On Thursday evening, a scheduled test of a new citywide emergency alert system took place, 30 to 60 minutes behind schedule, but nonetheless seemingly successfully. Still, it freaked a lot of people out.

The test, which was scheduled for between 5:15 and 5:45 p.m. on the 30th anniversary of the Loma Prieta earthquake, was cause for some alarm to those who didn't know it was coming ā€” that is when it actually went out closer to 6:15 p.m. Thursday evening. As ABC 7 reports, San Francisco's Department of Emergency Management is calling the test a success, despite the delay, which has not been explained.

While some residents praised the effort to provide the city with a new alert system for major emergencies like earthquakes, others found the test, and its timing on the Loma Prieta anniversary, unsettling at best.
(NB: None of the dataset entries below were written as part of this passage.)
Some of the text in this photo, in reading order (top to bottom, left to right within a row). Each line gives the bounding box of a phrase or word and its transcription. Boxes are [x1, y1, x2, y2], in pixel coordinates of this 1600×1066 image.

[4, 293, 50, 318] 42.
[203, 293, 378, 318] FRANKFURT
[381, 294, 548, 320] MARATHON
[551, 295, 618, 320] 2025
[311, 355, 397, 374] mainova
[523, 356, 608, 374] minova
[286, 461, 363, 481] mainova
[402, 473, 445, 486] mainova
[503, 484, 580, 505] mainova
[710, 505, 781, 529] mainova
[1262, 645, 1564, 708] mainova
Also, many were confused about where the test was coming from.

Because of the news about the new earthquake early-warning system that had been widely broadcast earlier in the day on Thursday, many people thought this test was an early warning of a coming quake.
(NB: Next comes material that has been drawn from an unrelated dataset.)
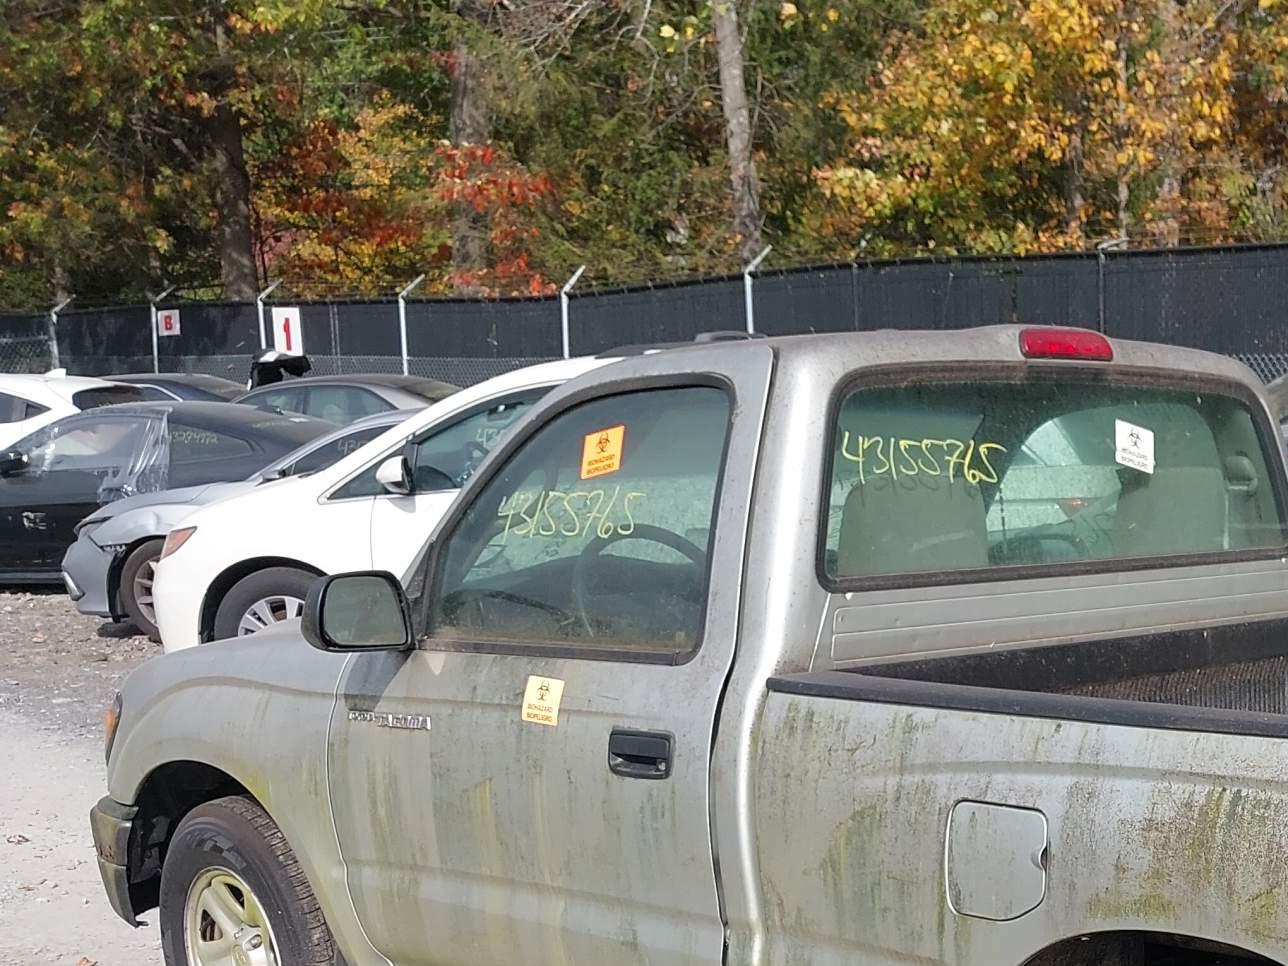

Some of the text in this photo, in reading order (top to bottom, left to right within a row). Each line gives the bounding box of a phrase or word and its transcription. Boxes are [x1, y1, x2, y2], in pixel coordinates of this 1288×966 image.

[284, 317, 292, 351] 1
[842, 431, 1007, 485] 43155765
[498, 485, 646, 544] 43155765
And chatter on the internet in the last week about how Mexico City had a big earthquake in 2017 on the anniversary of another one 32 years earlier had anxieties running high.

The Department of Emergency Management says that future tests, and actual alerts, won't be delayed. The department's public information officer, Francis Zamora, tells ABC 7, "While this test was delayed, it was successful in the sense that we got a chance to understand what's going to work, what's going to cause us some problems during an actual emergency." He says the department is still investigating what happened to cause the delay, and should know within a few days.